• [Brief] For this exercise, write out each entry below exactly, omitting the images.

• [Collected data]
===============

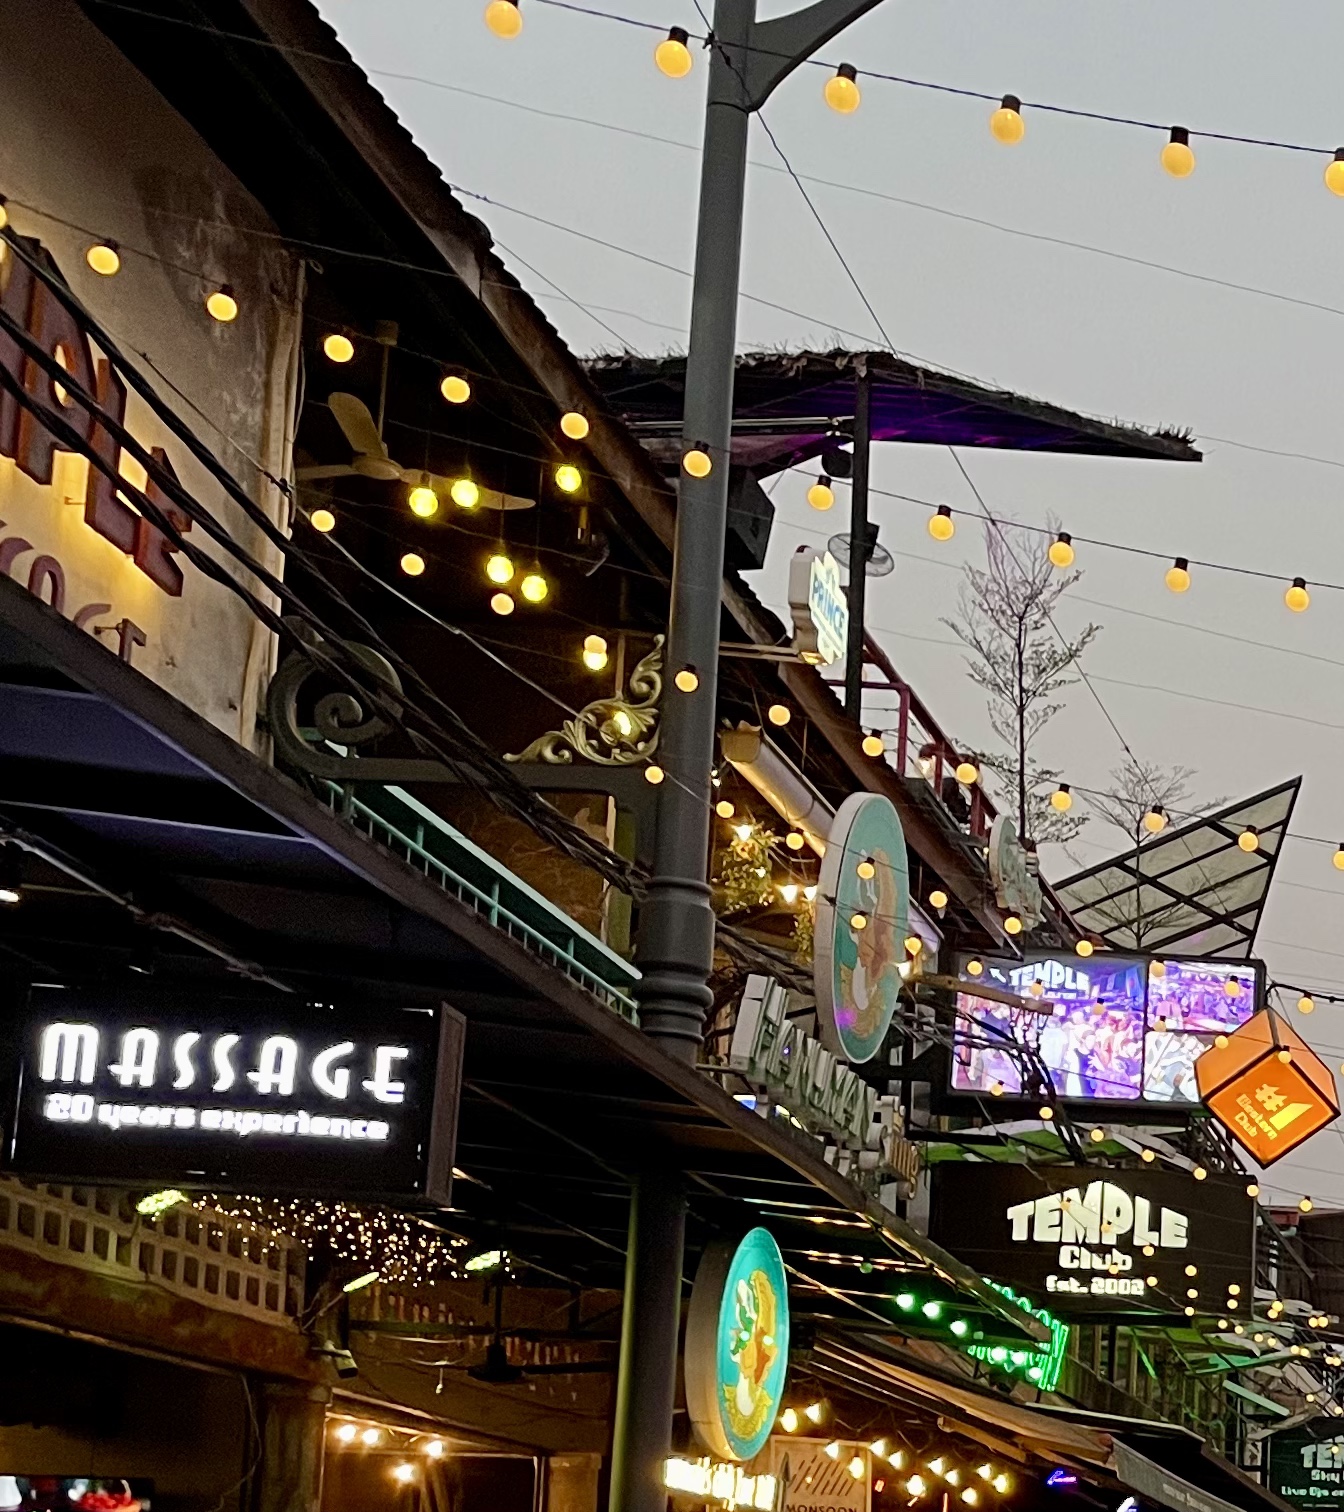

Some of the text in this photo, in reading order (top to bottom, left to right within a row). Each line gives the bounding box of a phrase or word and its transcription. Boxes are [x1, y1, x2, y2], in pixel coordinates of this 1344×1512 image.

[812, 573, 845, 641] PRINCE
[1008, 959, 1091, 990] TEMPLE
[40, 1021, 410, 1104] MASSAGE
[44, 1092, 391, 1140] 20 years experience
[1006, 1180, 1189, 1249] TEMPLE
[1058, 1245, 1133, 1271] Club
[1046, 1275, 1145, 1296] Est. 2002
[1281, 1485, 1307, 1496] Live
[1311, 1469, 1340, 1483] Sky
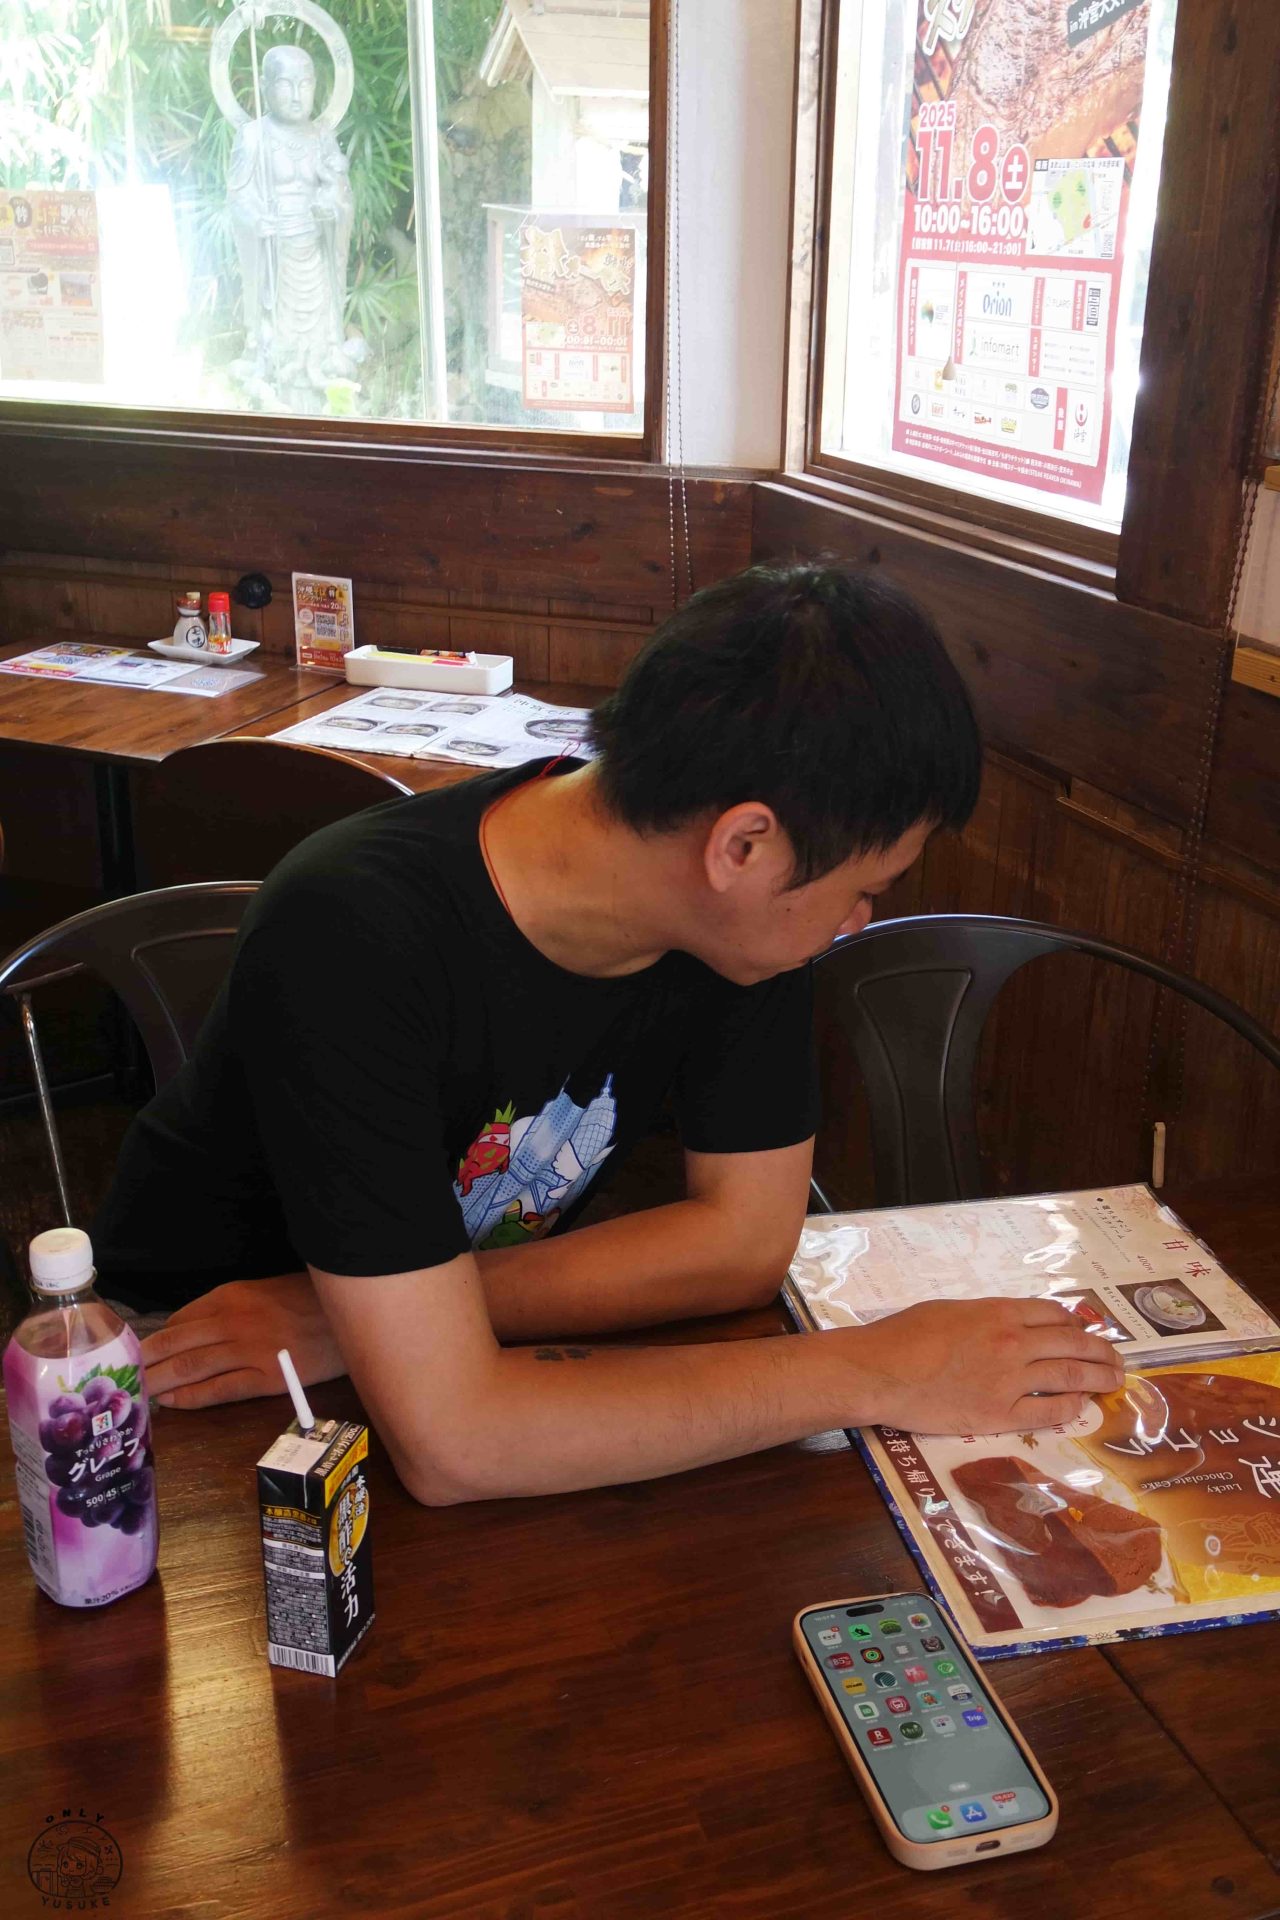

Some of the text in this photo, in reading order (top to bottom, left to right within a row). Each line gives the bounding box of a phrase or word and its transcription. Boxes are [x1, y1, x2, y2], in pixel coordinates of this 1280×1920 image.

[919, 103, 956, 128] 2025
[917, 126, 999, 202] 11.8
[981, 337, 1020, 358] infomart
[1162, 1239, 1212, 1277] 甘味
[68, 1432, 142, 1483] グレープ
[94, 1466, 122, 1482] Grape
[1140, 1470, 1234, 1490] Chocolate Cake
[1206, 1482, 1243, 1494] Lucky

===============

• [Answer box]
Some of the text in this photo, in reading order (top to bottom, left to right within a row). Each line gives the bounding box of a phrase or word and its transcription. Boxes are [x1, y1, x2, y2], in pixel coordinates of this 1344×1512 image.

[812, 573, 845, 641] PRINCE
[1008, 959, 1091, 990] TEMPLE
[40, 1021, 410, 1104] MASSAGE
[44, 1092, 391, 1140] 20 years experience
[1006, 1180, 1189, 1249] TEMPLE
[1058, 1245, 1133, 1271] Club
[1046, 1275, 1145, 1296] Est. 2002
[1281, 1485, 1307, 1496] Live
[1311, 1469, 1340, 1483] Sky

Some of the text in this photo, in reading order (top to bottom, left to right within a row). Each line gives the bounding box of a phrase or word and its transcription. Boxes are [x1, y1, x2, y2], in pixel coordinates of this 1280×1920 image.

[919, 103, 956, 128] 2025
[917, 126, 999, 202] 11.8
[981, 337, 1020, 358] infomart
[1162, 1239, 1212, 1277] 甘味
[68, 1432, 142, 1483] グレープ
[94, 1466, 122, 1482] Grape
[1140, 1470, 1234, 1490] Chocolate Cake
[1206, 1482, 1243, 1494] Lucky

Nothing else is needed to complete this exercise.